Seelenruhig saß sie an ihrer Seite, knabberte völlig vertieft an etwas herum und schmatzte dabei genüsslich vor sich hin. Sie schien gar nicht zu bemerken, dass sie nun von Suna beobachtet wurde.
„Häää?“ Suna kratzte sich verwundert am Kopf. Vor lauter Schreck ließ das kleine Igelmädchen sein Fressen fallen und war eine Sekunde später eine stachelige Kugel. Suna musste lachen. Das war wirklich zu putzig.
Eine Bewegung neben Jonne verschreckte Suna ihrerseits. Aus dem Schatten kam Halka, die Eule. Sunas Eule! Die nun mindestens genauso groß war wie Suna selbst! Und ebenfalls lebendig! Sie schaute Suna aus schlauen Augen an. “Kind, wie kommst du denn hierher?“, fragte sie erstaunt mit weicher Stimme. Suna traute ihren Augen kaum.
„W...wie...?“, stotterte sie. Die Worte blieben ihr im Hals stecken.

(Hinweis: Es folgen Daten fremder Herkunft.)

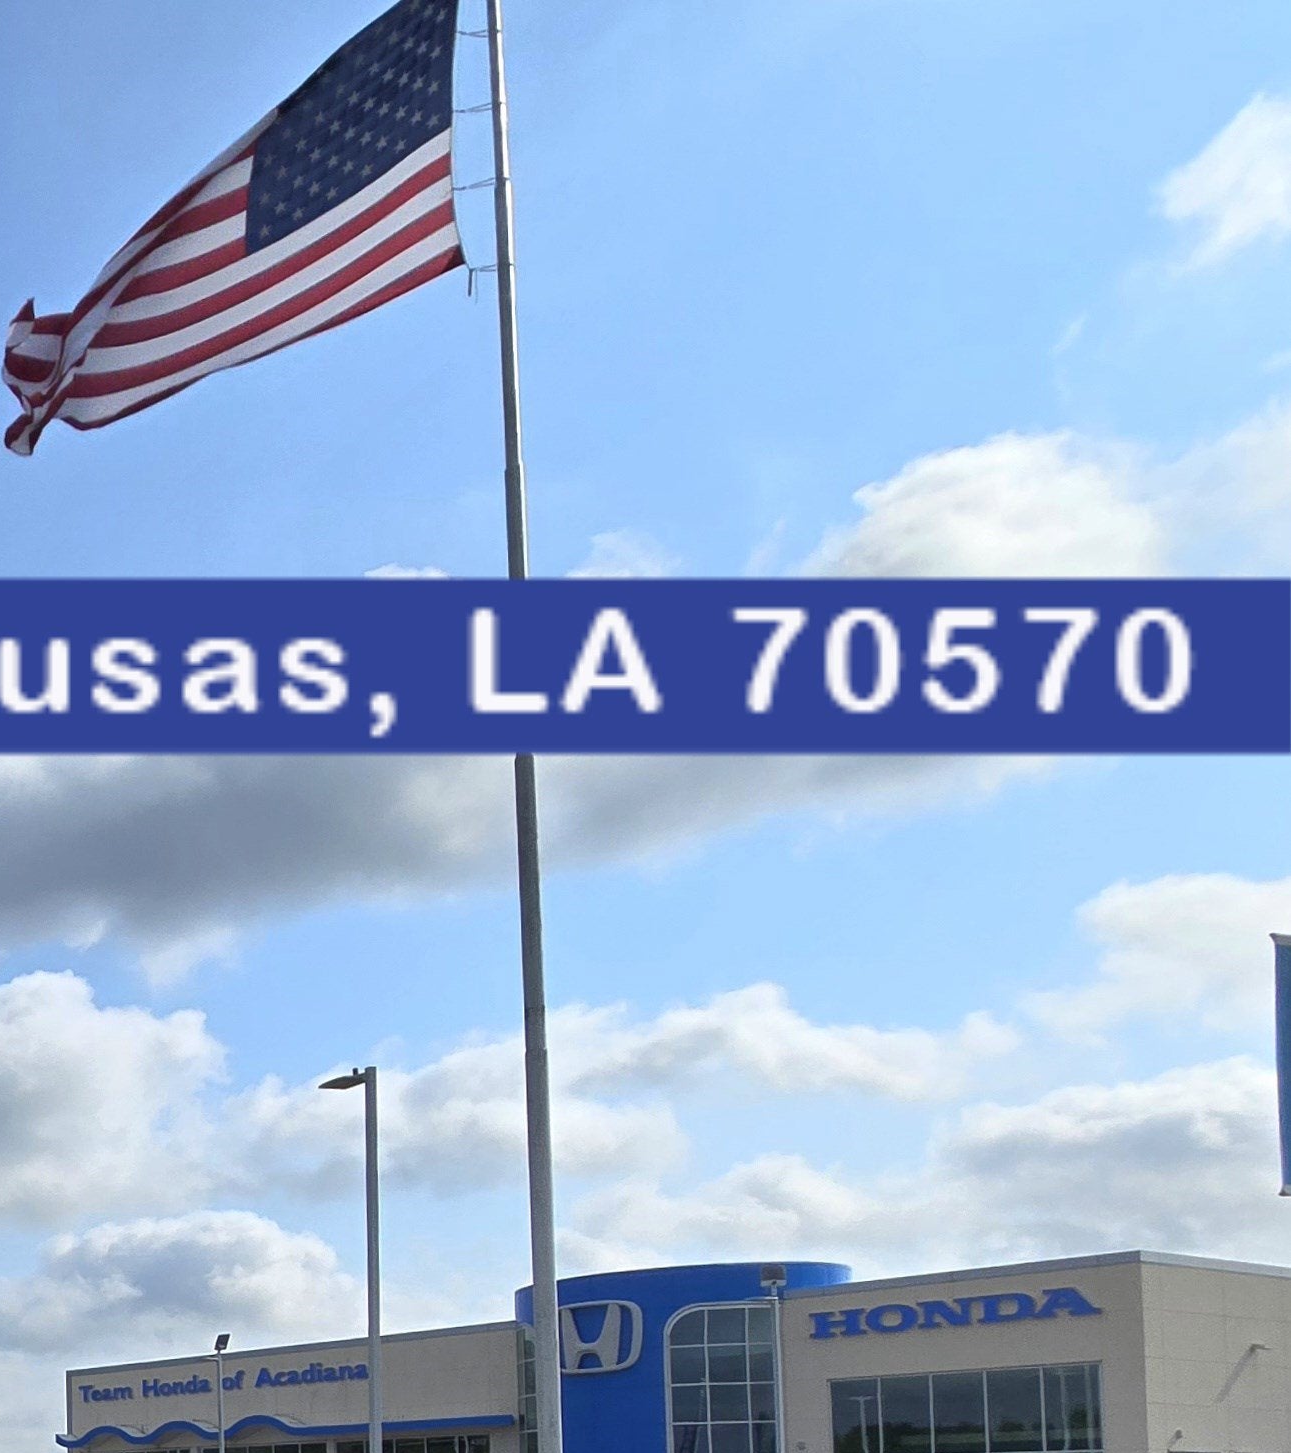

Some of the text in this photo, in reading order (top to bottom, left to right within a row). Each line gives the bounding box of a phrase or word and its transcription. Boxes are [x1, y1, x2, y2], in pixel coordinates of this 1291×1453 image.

„Schlaf schnell wieder ein, mein Kind.“
„Einschlafen? Wie könnte ich? Ich rede gerade mit einem meiner Kuscheltiere!“ Suna lachte ein verblüfftes, ungläubiges Lachen. Als sie sich gerade in ihrem Zimmer umschauen wollte, bemerkte sie, dass sie etwas ins Knie piekste. Sie befühlte das Etwas und besah es sich im Dunkel der Nacht. Es war ein Steinchen! Ein Stein in ihrem Bett? Wo kam der denn her? Auch hatte sie das Gefühl, dass die Matratze sich viel härter anfühlte als vorher. Die Luft schien kühler und es roch leicht nach Waldboden und Feuer.
Als ihre Augen sich an die Dunkelheit gewöhnt hatten, sah sie, dass sie sich nicht mehr in ihrem Bett befand. Schlimmer! Sie war nicht mal mehr in ihrem Zimmer, geschweige denn zu Hause!!! Hilfe! Wo war sie? Sie blickte sich um.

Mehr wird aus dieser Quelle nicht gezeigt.